Lets take an example:
Consider a shopping cart with a few distinct objects: Flour, eggs, milk, sugar, butter, chocolate.
Each of these objects have distinct qualities that make them recognizable and distinct from each other. One by one they can be eaten, or used in a wide variety of recipes. Together in this specific context, they can be used to bake a cake.  

These two properties are very important, because of how these numbers are further processed by a transformer model. You see, when we input these numbers into a transformer, they are mapped into a high dimensional representation of the object, called an embedding. These embeddings are just vectors, one vector for each object we have defined. The nice thing about vectors is that they easily capture both similarity and context. And they can be manipulated by a deep learning model, like a transformer, to represent the meaning of the object, both in isolation and in the context of other objects.

One famous and early use of tokenization into a vector embedding is the word2vec model. Simplified a bit, it worked by training a neural net to embed words into word-embeddings, and then predict the surrounding words in a window around a target word based on these words embeddings. This turned out to generate impressive representations of word semantics, and was an early example of self supervised learning. A lot has happened in NLP since then, but the idea of representing words as vectors is still a core concept. In this notebook, we will look at how we can use tokenization to turn text into numbers, and how these numbers can be used as input to a transformer model.

Lets start by looking at a simple tokenization method in python:

In [9]:
# Given a sentence, we can easily split the text into tokens by doing this:
data = "Hello, world!"
characters = list(data)
map = {char: i for i, char in enumerate(set(characters))}
tokens = [map[char] for char in characters]
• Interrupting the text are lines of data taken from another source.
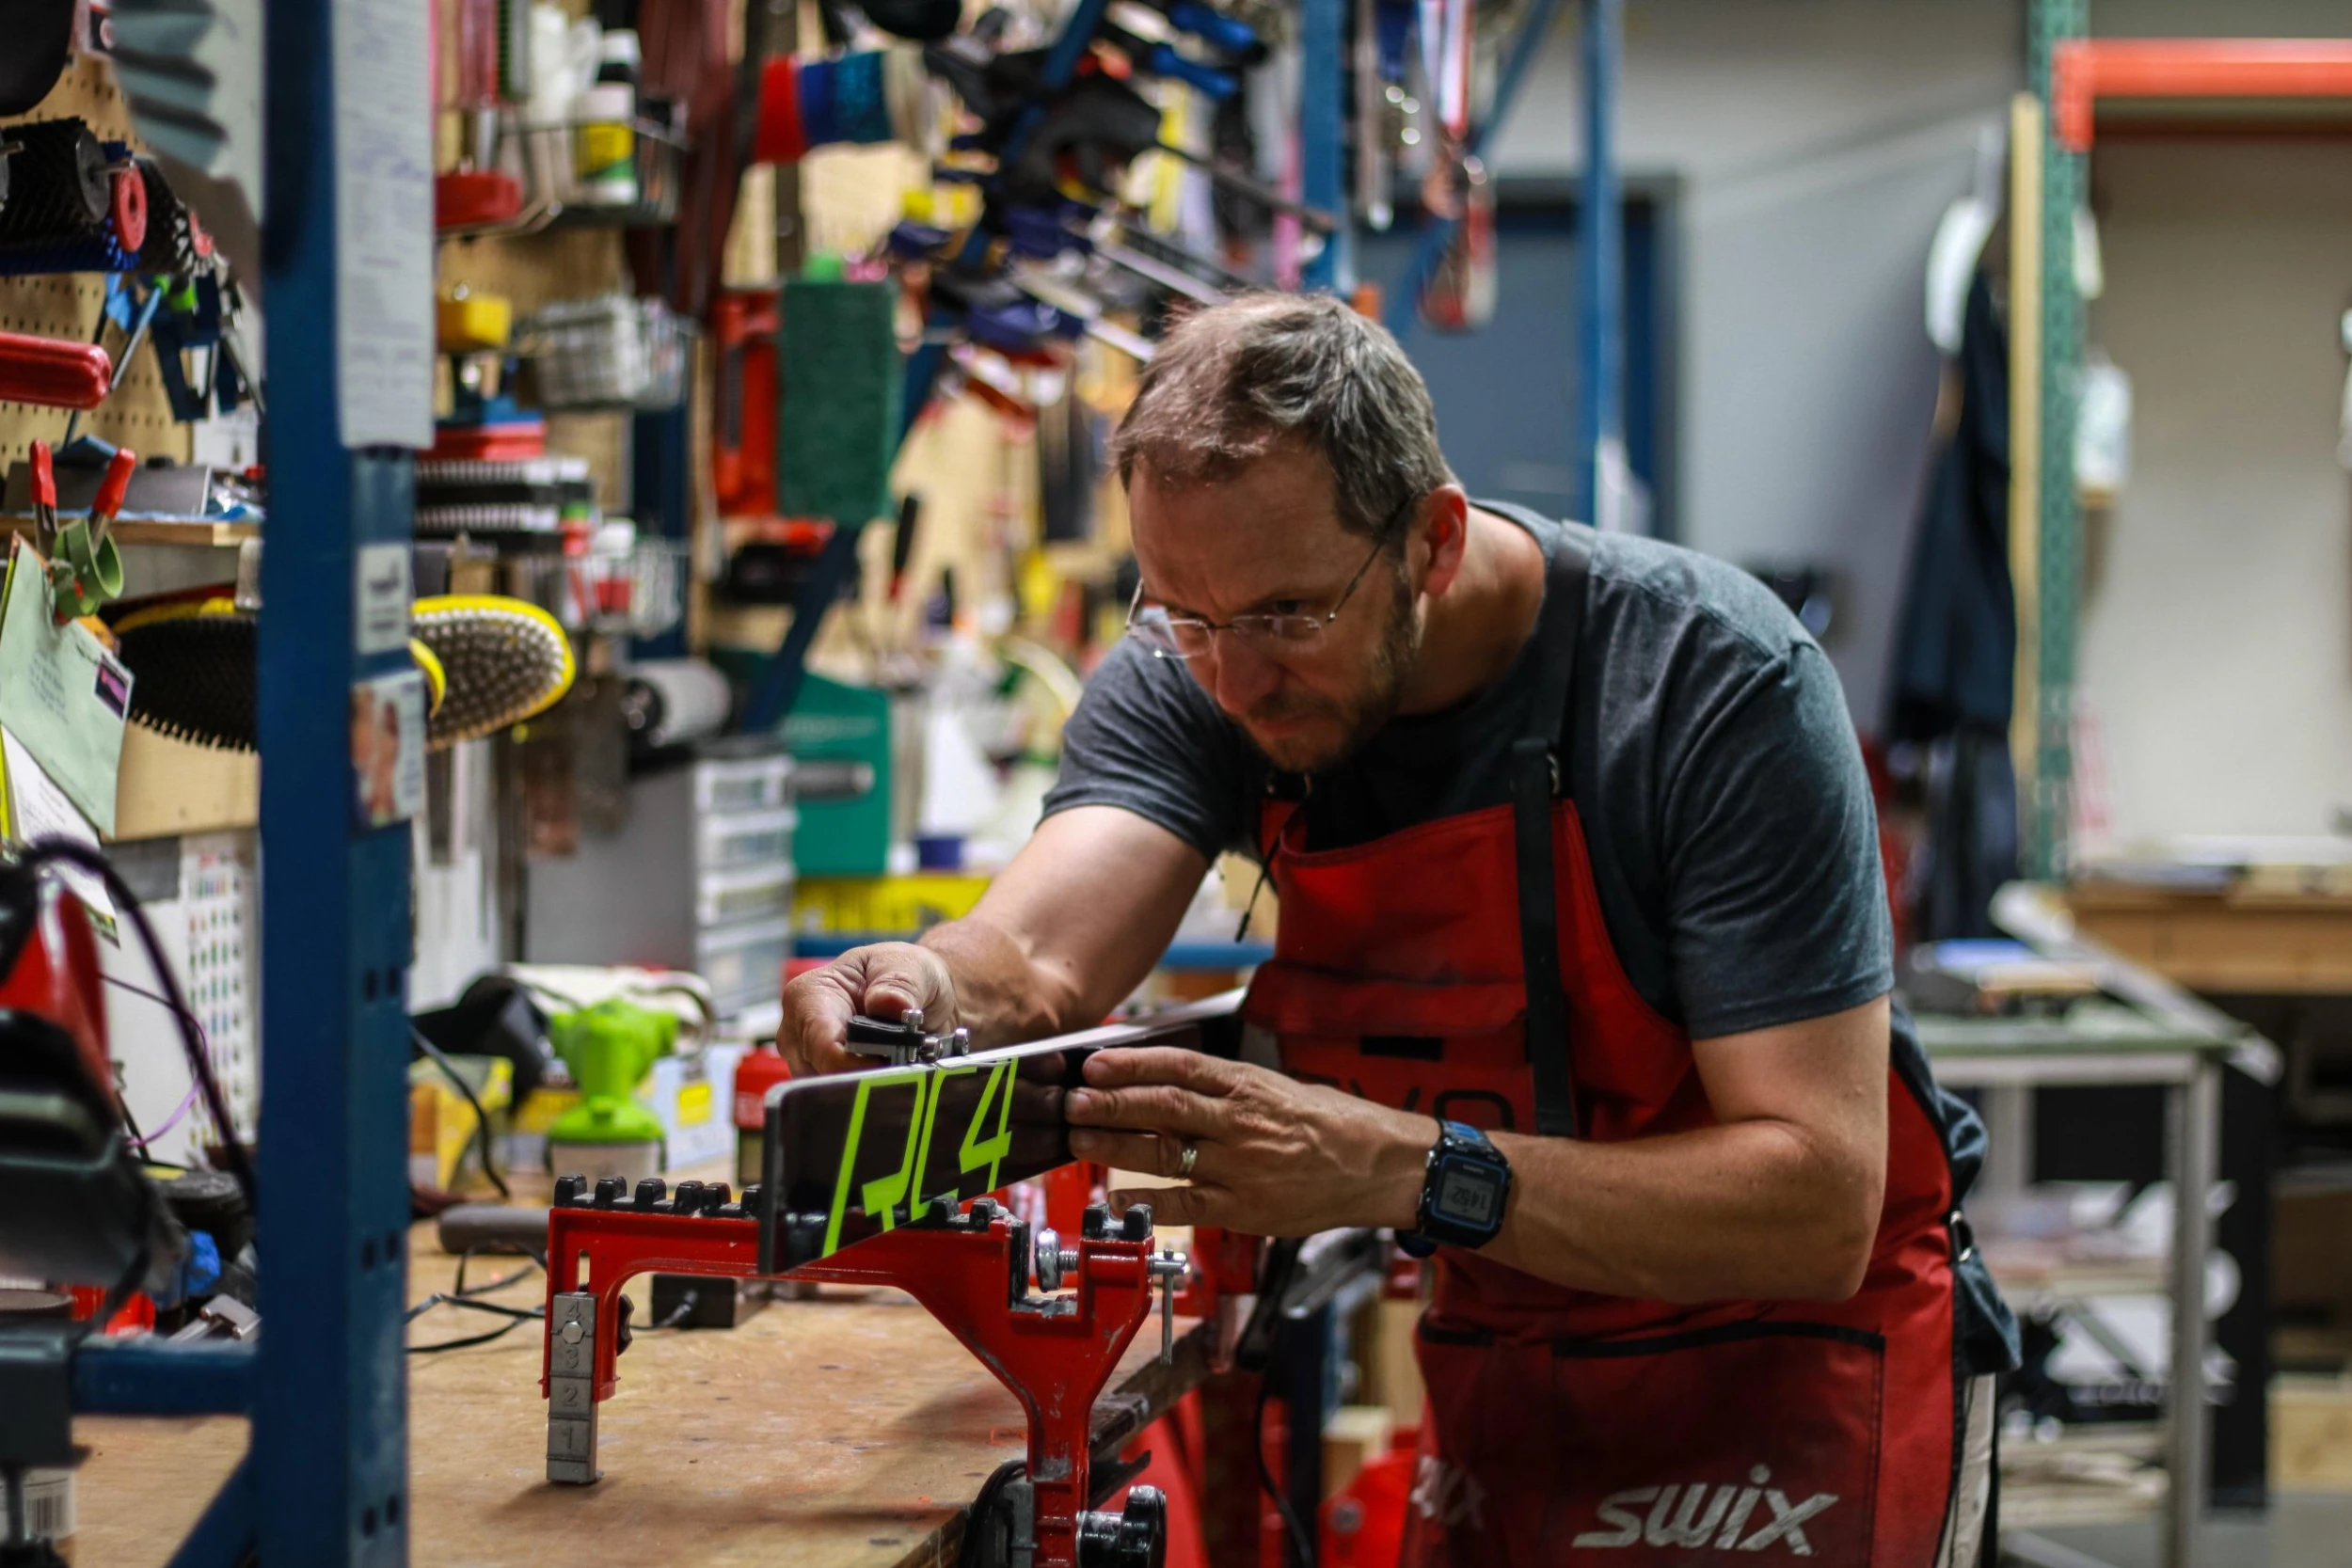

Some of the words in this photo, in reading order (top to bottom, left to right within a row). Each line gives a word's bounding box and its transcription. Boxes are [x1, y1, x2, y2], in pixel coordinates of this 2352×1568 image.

[565, 1348, 579, 1370] 3
[563, 1386, 577, 1407] 2
[563, 1426, 573, 1449] 1
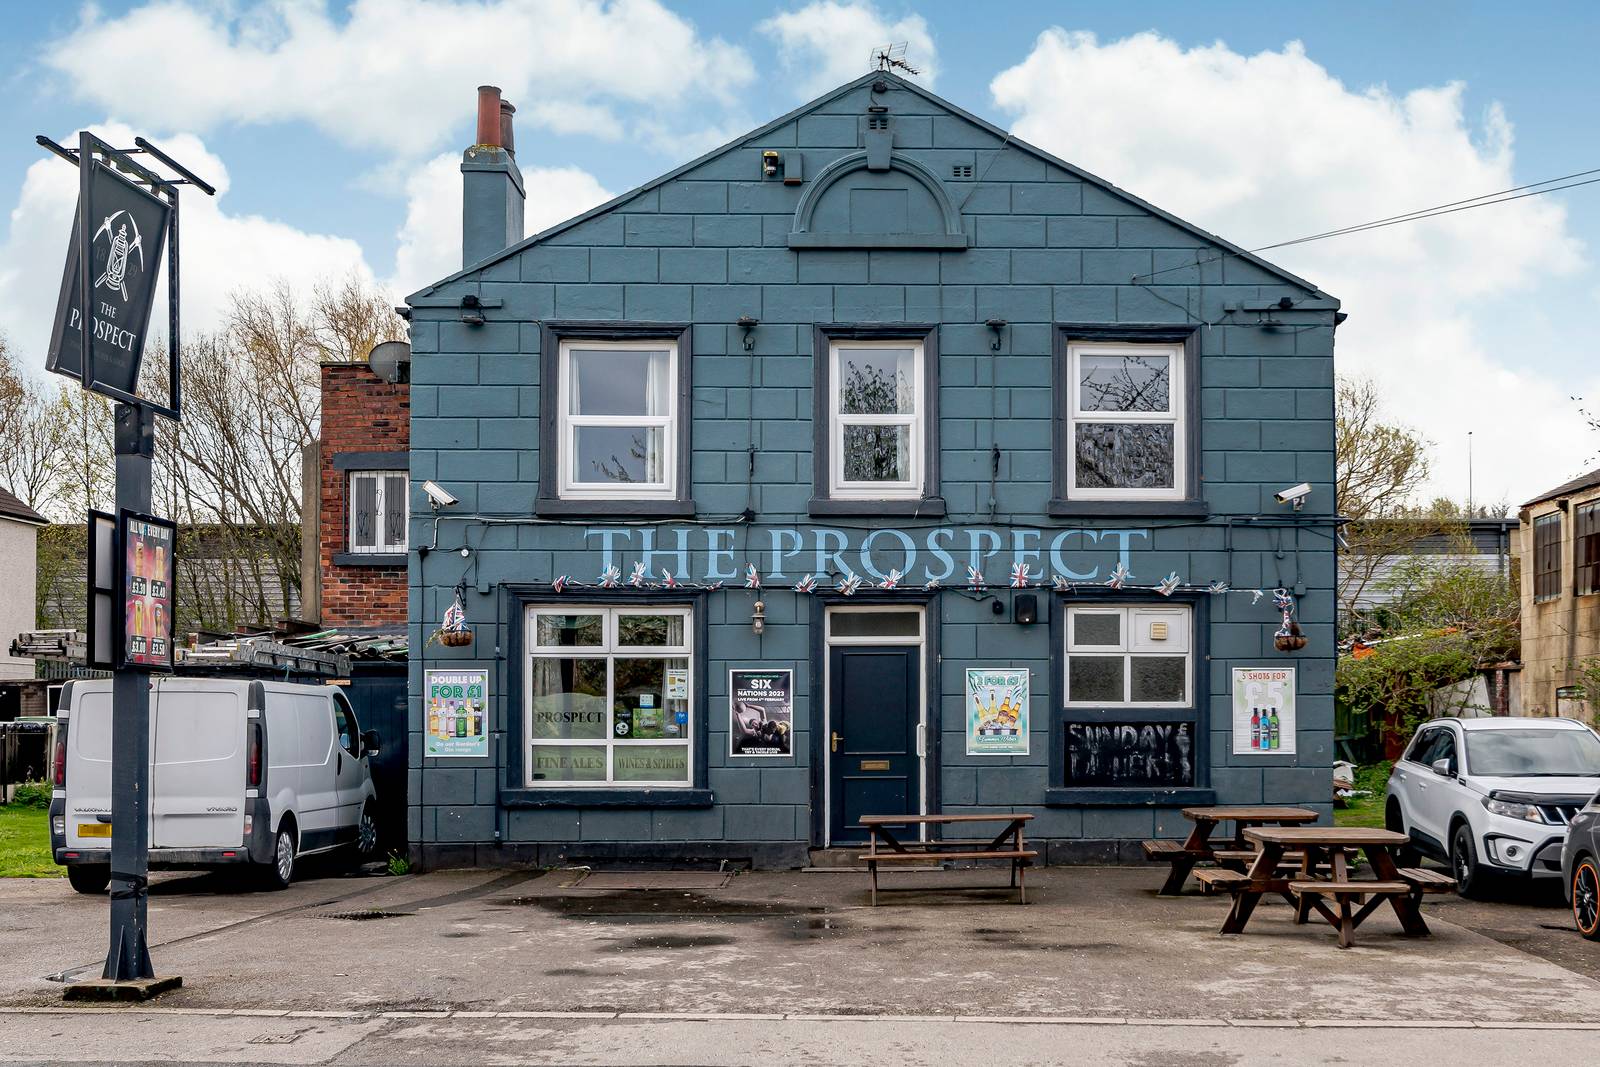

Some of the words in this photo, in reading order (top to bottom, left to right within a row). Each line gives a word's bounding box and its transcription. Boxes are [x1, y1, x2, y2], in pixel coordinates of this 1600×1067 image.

[100, 301, 117, 319] THE
[69, 307, 136, 351] PSPECT
[583, 529, 738, 579] THE
[766, 528, 1148, 580] PROSPECT
[431, 675, 468, 684] DOUBLE
[469, 675, 482, 684] UP
[984, 675, 1006, 686] FOR
[1242, 672, 1246, 680] 5
[1248, 672, 1270, 680] SHOTS
[1272, 672, 1286, 680] FOR
[750, 678, 772, 689] SIX
[431, 685, 464, 698] FOR
[467, 685, 482, 698] £1
[1244, 681, 1284, 712] £5
[537, 711, 604, 723] PROSPECT
[537, 757, 568, 769] FINE
[570, 757, 604, 769] ALES
[618, 757, 645, 769] WINES
[652, 757, 685, 769] SPIRITS
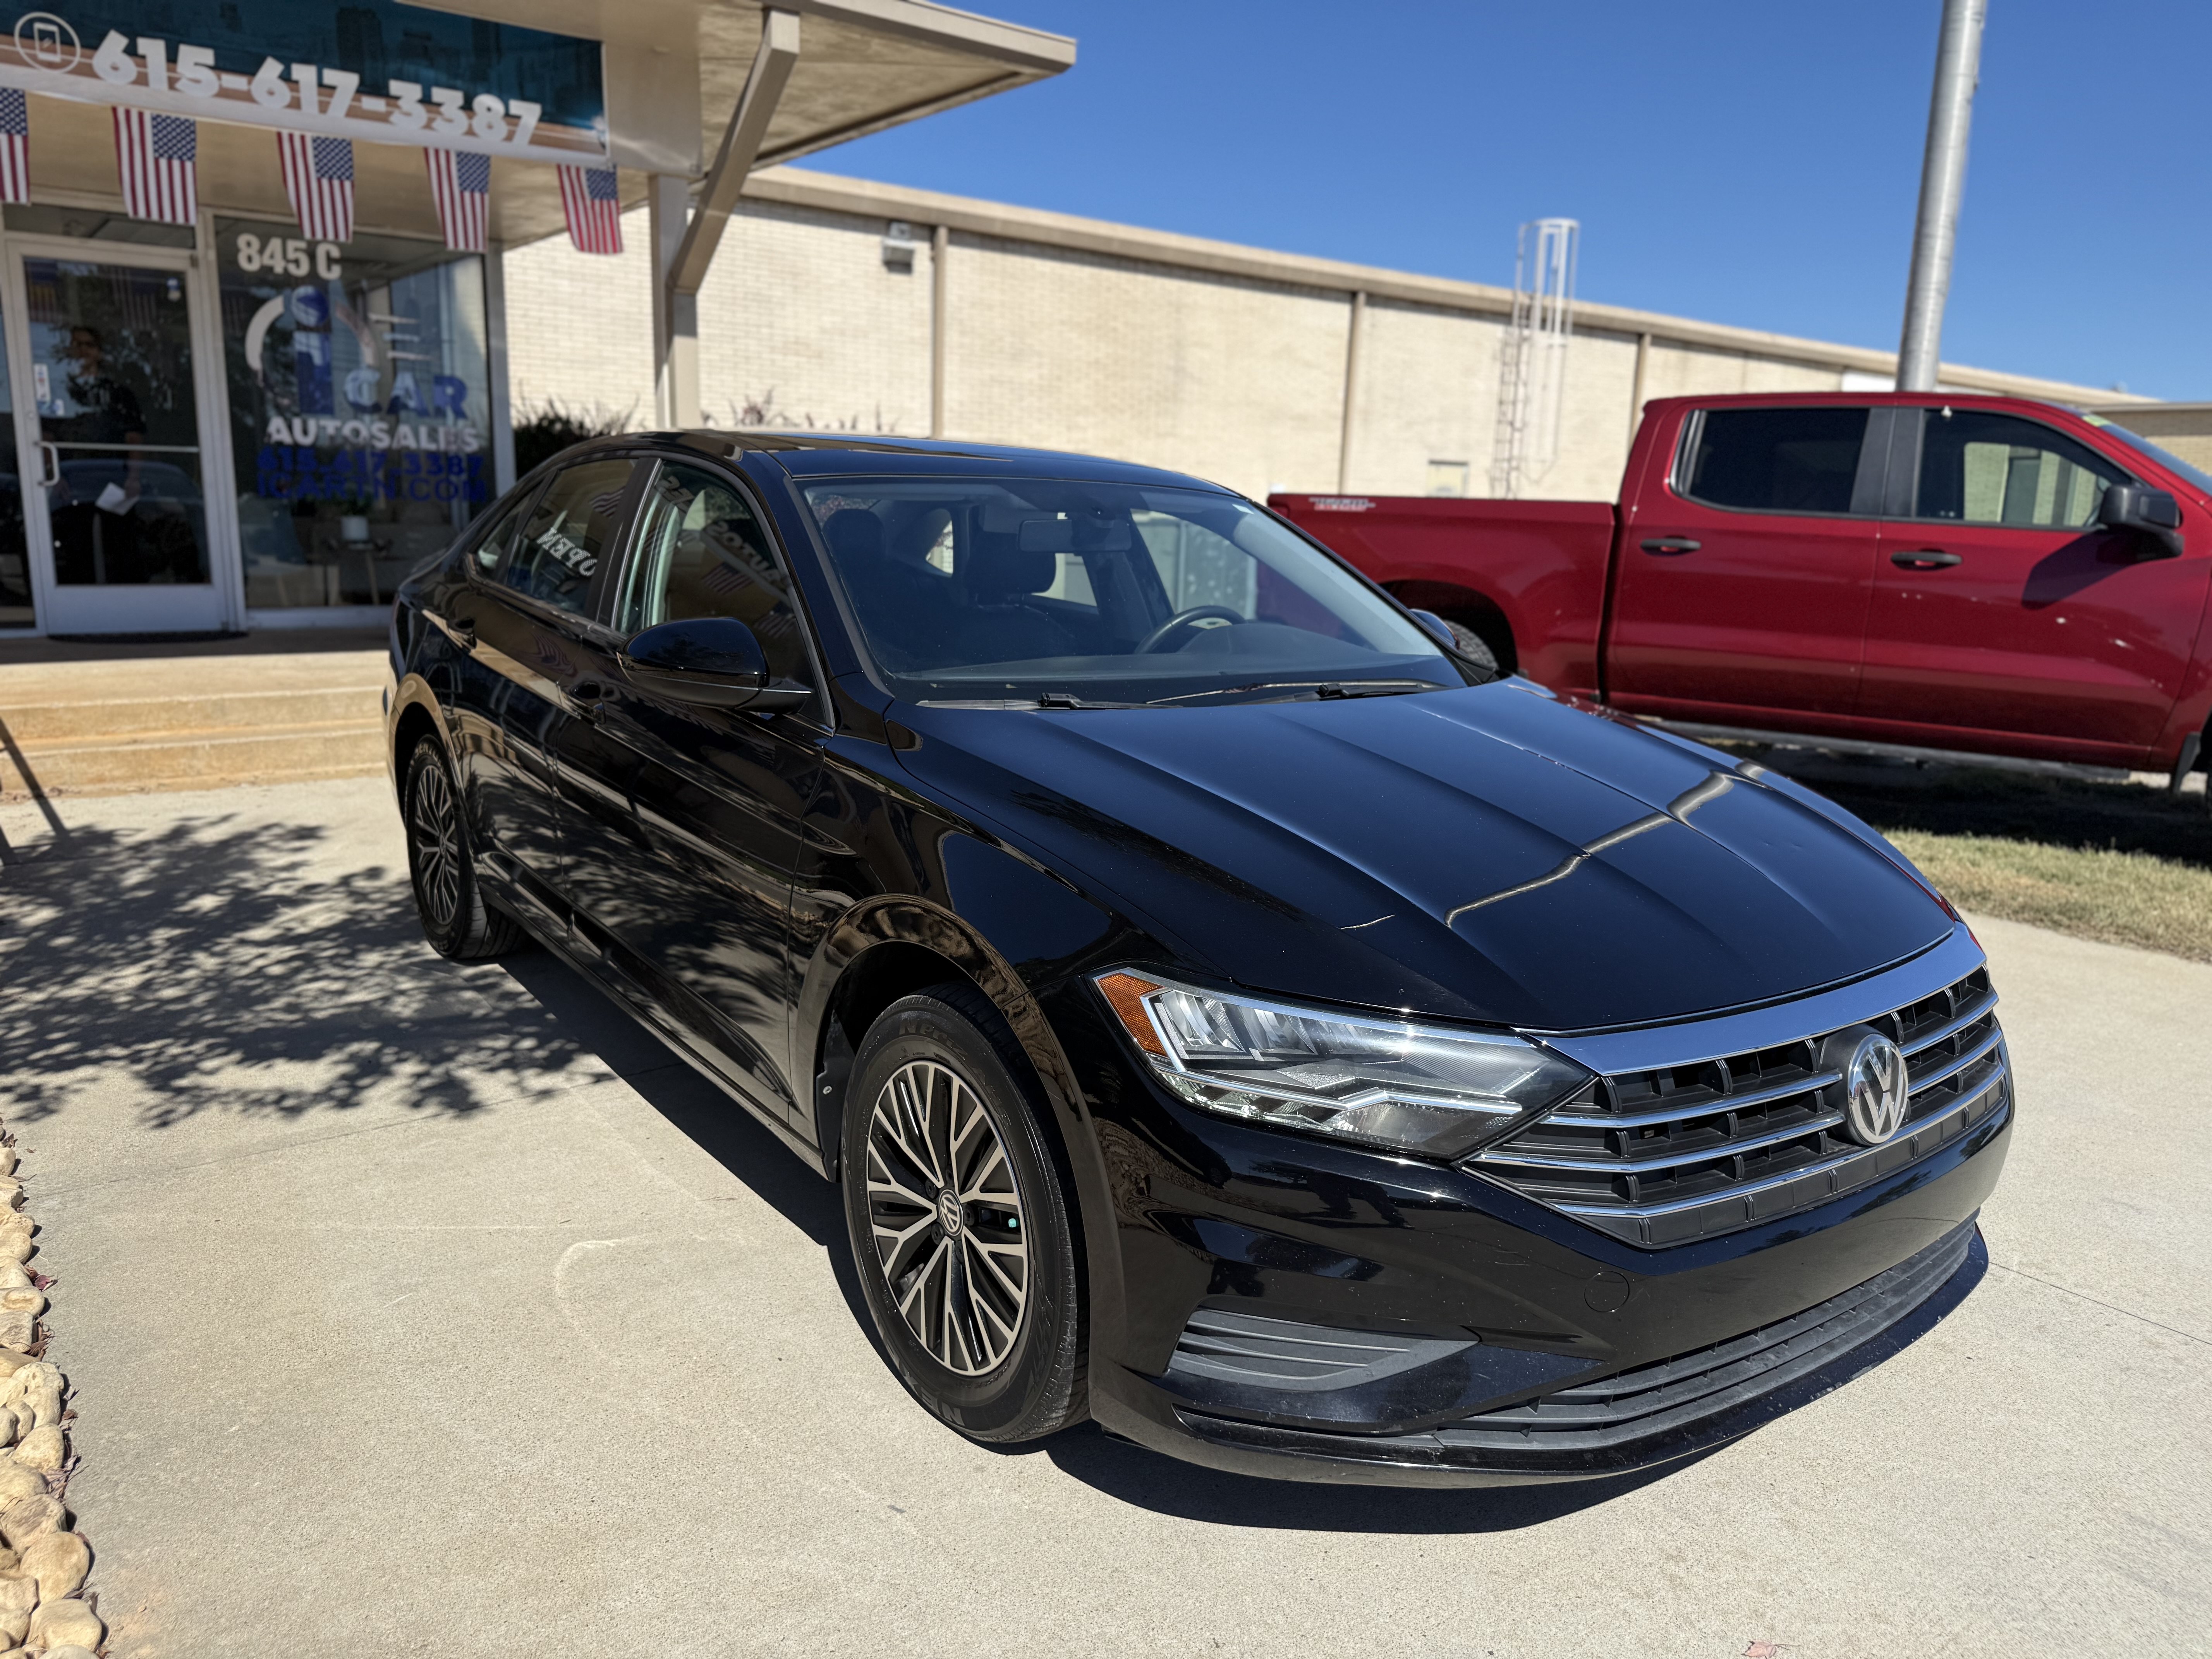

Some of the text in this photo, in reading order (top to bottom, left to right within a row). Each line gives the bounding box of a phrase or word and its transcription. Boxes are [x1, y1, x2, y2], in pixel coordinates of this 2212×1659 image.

new_sentence = "Goodbye World!"
characters = list(new_sentence)
tokens = [map.get(char, -1) for char in characters]

print("sentence:", new_sentence)
print("tokens:", tokens)


sentence: Goodbye World!
tokens: [-1, 0, 0, 5, -1, -1, 8, 4, -1, 0, 1, 2, 5, 6]


In [7]:
print(map)

{'o': 0, 'r': 1, 'l': 2, 'H': 3, ' ': 4, 'd': 5, '!': 6, 'w': 7, 'e': 8, ',': 9}


We just tokenized our dataset! We mapped the characters to numbers, and turned our sentence into a list of numbers. Great! However, this is not a very good tokenization method. We have a few problems, lets think back to the points we made earlier:

Sure, each object here is a character, and therefore a distinct entity with a clear relation with surrounding characters. However, the complexity of each object is limited. A single character is not a complex object. It only contains a limited amount of information. If we encode only a limited amount of information for each object, we shift the burden on the model to infer the meaning primarily from the relationship between objects. This is not optimal. For a transformer model, we are better off with trying to encode more information in each object. How to do this? Just add more information to each object - more characters! This shifts us towards a more complex object, like a word. To be sure we capture the full complexity of the object we might need a larger vector to represent the object. Then our model can encode more information about the object, and makes it easier for the model to relate objects to each other.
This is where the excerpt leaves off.